(EXERCISE INPUT)

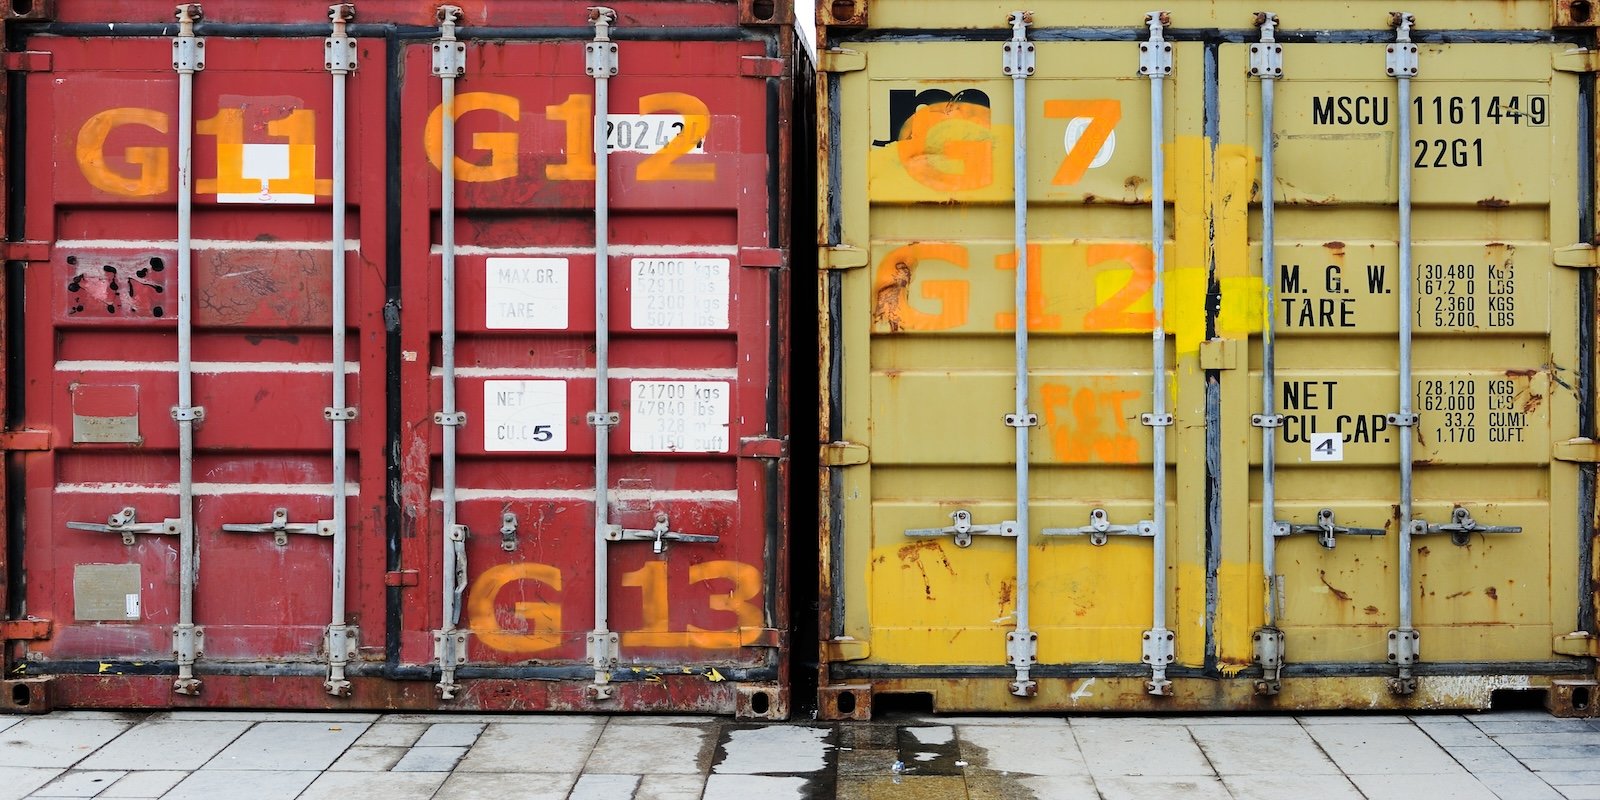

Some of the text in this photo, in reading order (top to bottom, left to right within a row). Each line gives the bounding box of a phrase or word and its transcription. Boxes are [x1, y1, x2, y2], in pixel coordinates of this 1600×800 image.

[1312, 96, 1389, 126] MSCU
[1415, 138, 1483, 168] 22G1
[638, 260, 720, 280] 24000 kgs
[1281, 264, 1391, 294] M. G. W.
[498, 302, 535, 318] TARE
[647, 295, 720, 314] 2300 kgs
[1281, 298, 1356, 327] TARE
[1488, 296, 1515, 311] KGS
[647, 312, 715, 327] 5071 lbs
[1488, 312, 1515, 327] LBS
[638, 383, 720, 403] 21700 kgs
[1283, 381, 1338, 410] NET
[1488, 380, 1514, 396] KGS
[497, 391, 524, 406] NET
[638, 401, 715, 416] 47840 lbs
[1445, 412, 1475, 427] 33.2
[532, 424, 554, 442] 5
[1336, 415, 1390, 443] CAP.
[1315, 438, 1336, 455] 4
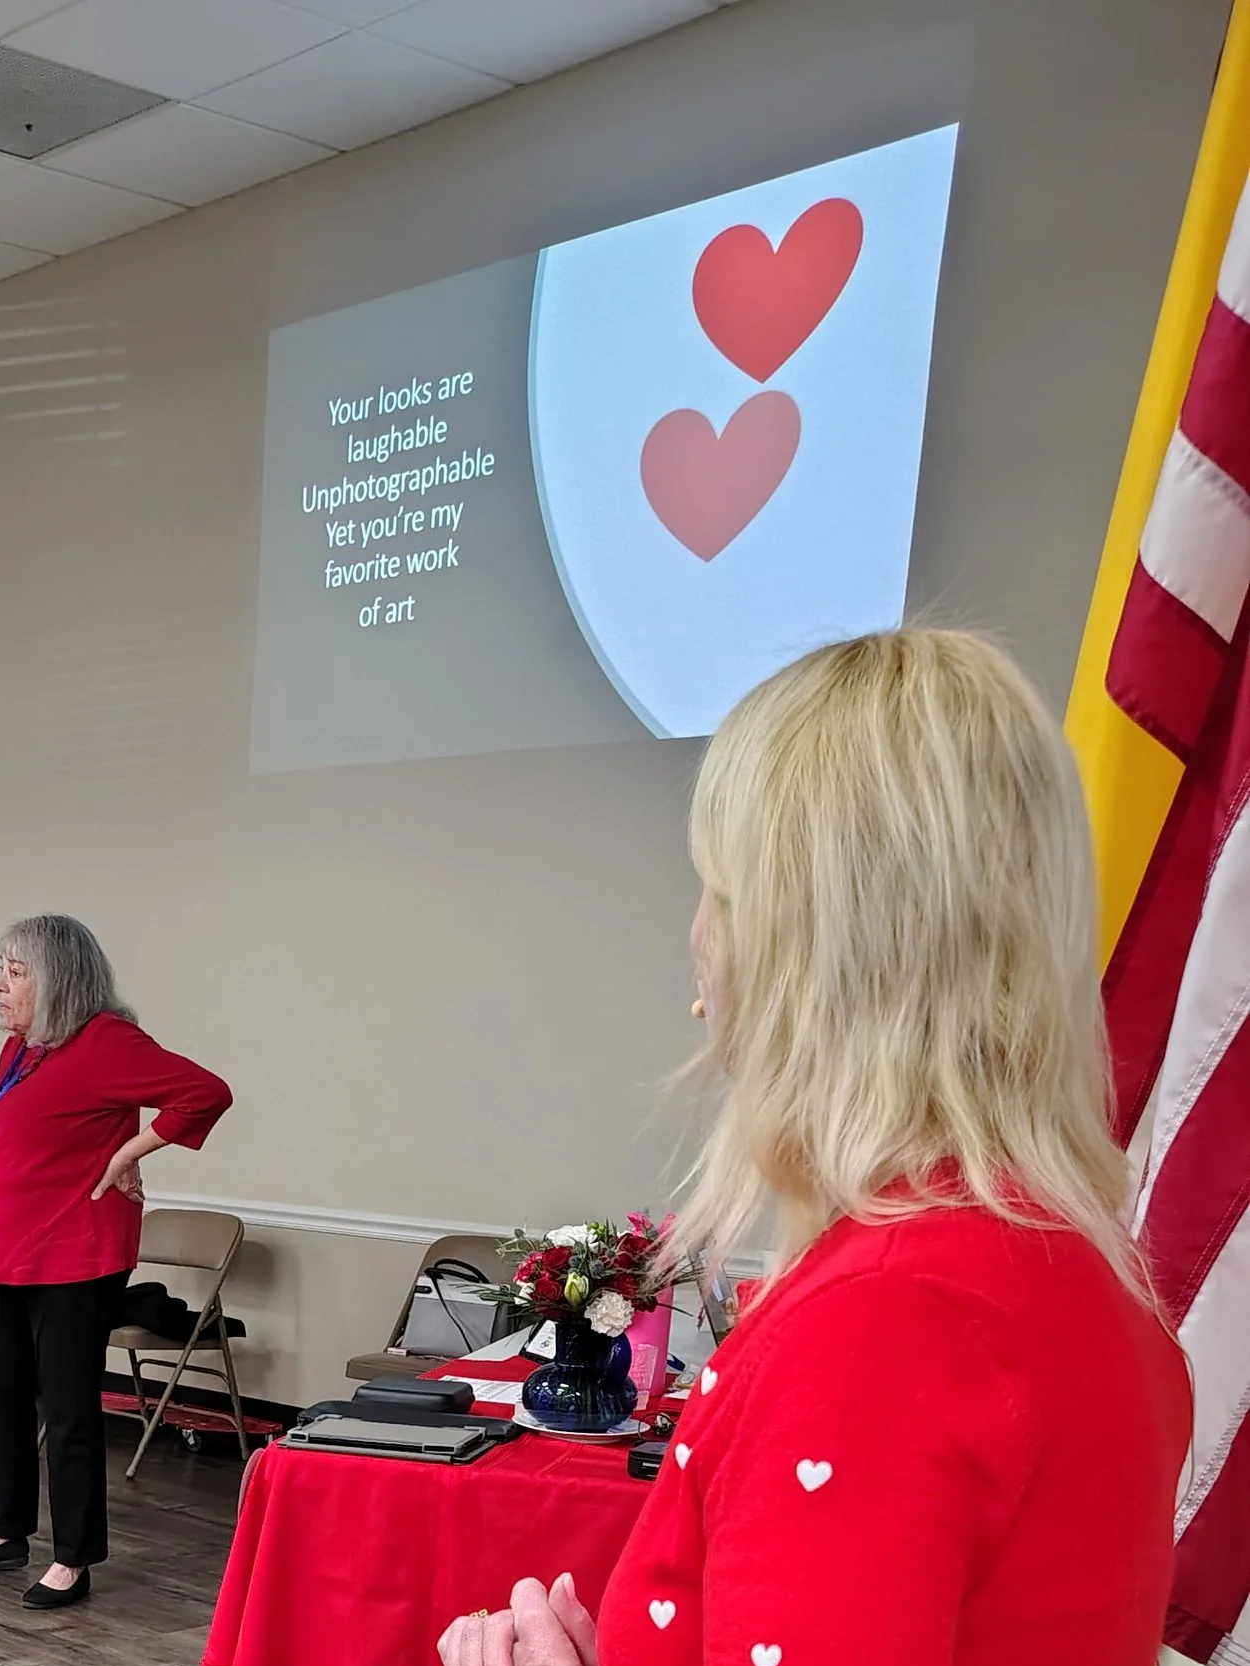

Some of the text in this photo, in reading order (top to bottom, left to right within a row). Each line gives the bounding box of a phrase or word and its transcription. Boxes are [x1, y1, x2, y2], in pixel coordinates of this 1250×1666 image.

(End EXERCISE INPUT)

■ EXERCISE AIM
Word for word, reproduce all of the entries above and omit the pictures.

■ SOLUTION
Some of the text in this photo, in reading order (top to bottom, left to right within a row). Each line gives the bounding box of a phrase or word and its transcription. Boxes are [x1, y1, x2, y2], in pixel coordinates of this 1600×800 image.

[1312, 96, 1389, 126] MSCU
[1415, 138, 1483, 168] 22G1
[638, 260, 720, 280] 24000 kgs
[1281, 264, 1391, 294] M. G. W.
[498, 302, 535, 318] TARE
[647, 295, 720, 314] 2300 kgs
[1281, 298, 1356, 327] TARE
[1488, 296, 1515, 311] KGS
[647, 312, 715, 327] 5071 lbs
[1488, 312, 1515, 327] LBS
[638, 383, 720, 403] 21700 kgs
[1283, 381, 1338, 410] NET
[1488, 380, 1514, 396] KGS
[497, 391, 524, 406] NET
[638, 401, 715, 416] 47840 lbs
[1445, 412, 1475, 427] 33.2
[532, 424, 554, 442] 5
[1336, 415, 1390, 443] CAP.
[1315, 438, 1336, 455] 4

Some of the text in this photo, in reading order (top to bottom, left to right within a row). Each line gives the bounding box of a phrase or word and its transcription. Boxes are [x1, y1, x2, y2], in pixel coordinates of this 1250×1666 image.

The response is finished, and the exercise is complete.